Work to be completed » Return all of the entries exactly, but do not include the pictures.

Records from a dataset
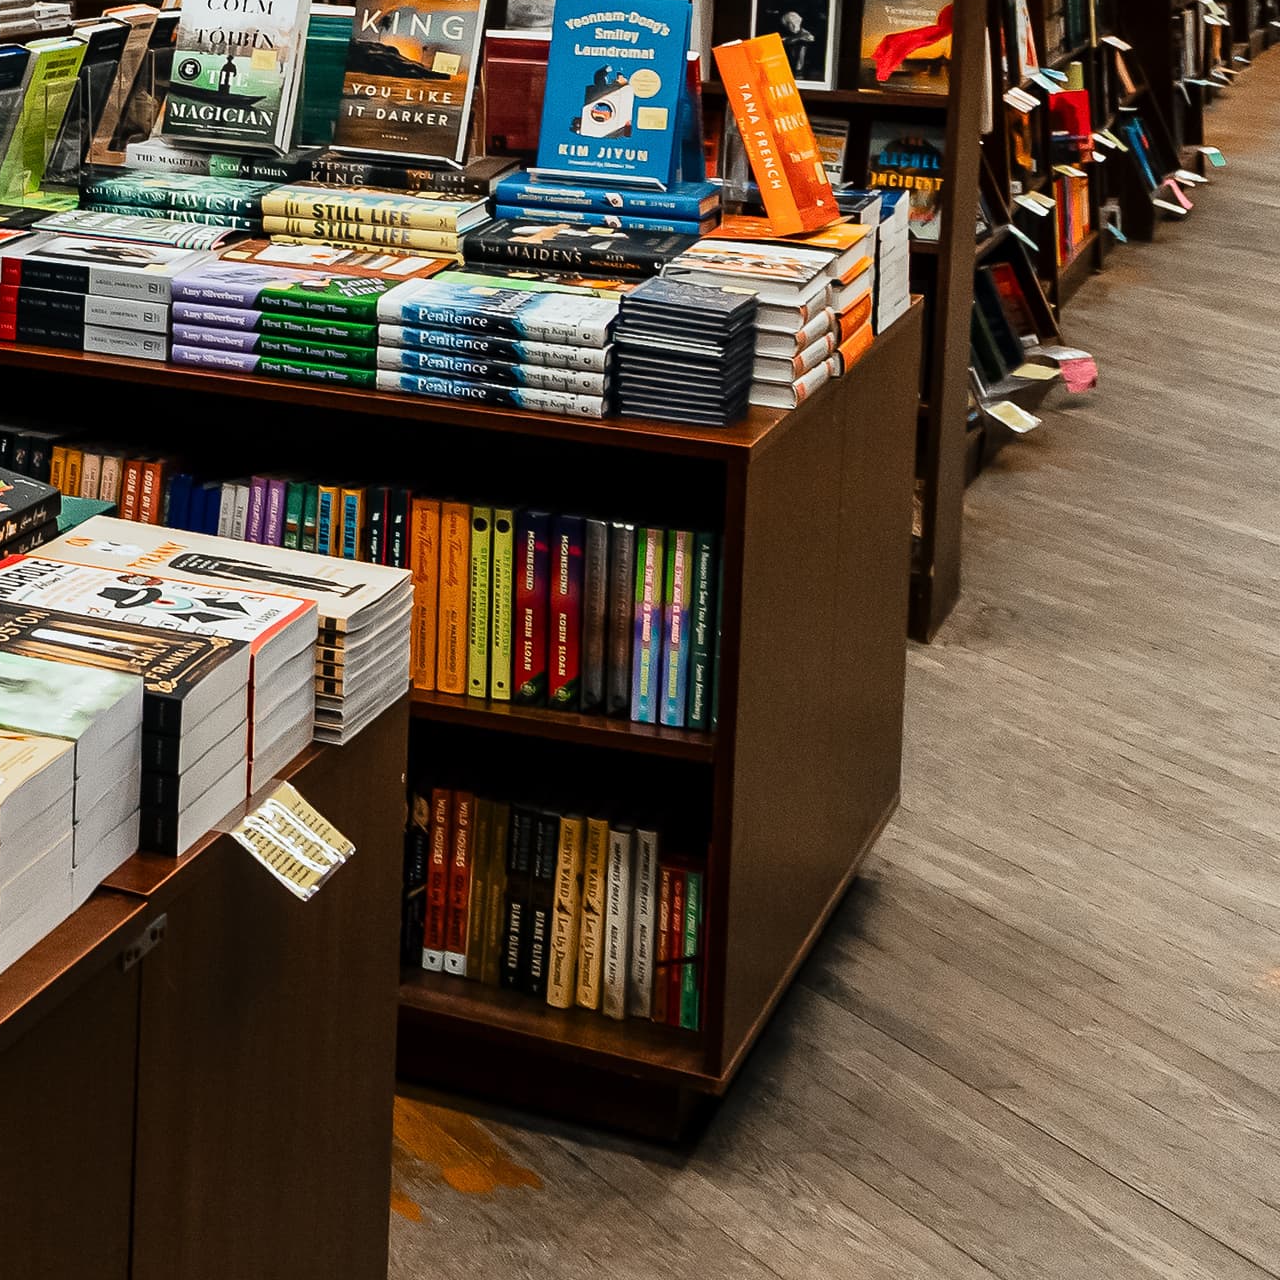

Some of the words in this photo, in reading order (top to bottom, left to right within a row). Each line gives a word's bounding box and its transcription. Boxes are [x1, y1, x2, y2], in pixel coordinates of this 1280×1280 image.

[359, 8, 466, 42] KING
[594, 27, 640, 44] Smiley
[350, 82, 391, 98] YOU
[404, 87, 453, 105] LIKE
[169, 101, 275, 127] MAGICIAN
[347, 103, 363, 118] IT
[375, 107, 449, 126] DARKER
[738, 83, 761, 125] TANA
[755, 130, 783, 190] FRENCH
[558, 144, 589, 157] KIM
[597, 147, 648, 162] JIYUN
[167, 191, 242, 213] TWIST
[311, 203, 365, 226] STILL
[370, 206, 411, 226] LIFE
[418, 307, 488, 328] Penitence
[124, 540, 189, 571] TYRANNY
[129, 641, 172, 667] EMILY
[145, 640, 206, 680] FRANKLIN
[510, 903, 521, 932] DIANE
[507, 933, 518, 970] OLIVER

Exercise solution »
Some of the words in this photo, in reading order (top to bottom, left to right within a row). Each line gives a word's bounding box and its transcription. Boxes are [x1, y1, x2, y2], in pixel coordinates of this 1280×1280 image.

[359, 8, 466, 42] KING
[594, 27, 640, 44] Smiley
[350, 82, 391, 98] YOU
[404, 87, 453, 105] LIKE
[169, 101, 275, 127] MAGICIAN
[347, 103, 363, 118] IT
[375, 107, 449, 126] DARKER
[738, 83, 761, 125] TANA
[755, 130, 783, 190] FRENCH
[558, 144, 589, 157] KIM
[597, 147, 648, 162] JIYUN
[167, 191, 242, 213] TWIST
[311, 203, 365, 226] STILL
[370, 206, 411, 226] LIFE
[418, 307, 488, 328] Penitence
[124, 540, 189, 571] TYRANNY
[129, 641, 172, 667] EMILY
[145, 640, 206, 680] FRANKLIN
[510, 903, 521, 932] DIANE
[507, 933, 518, 970] OLIVER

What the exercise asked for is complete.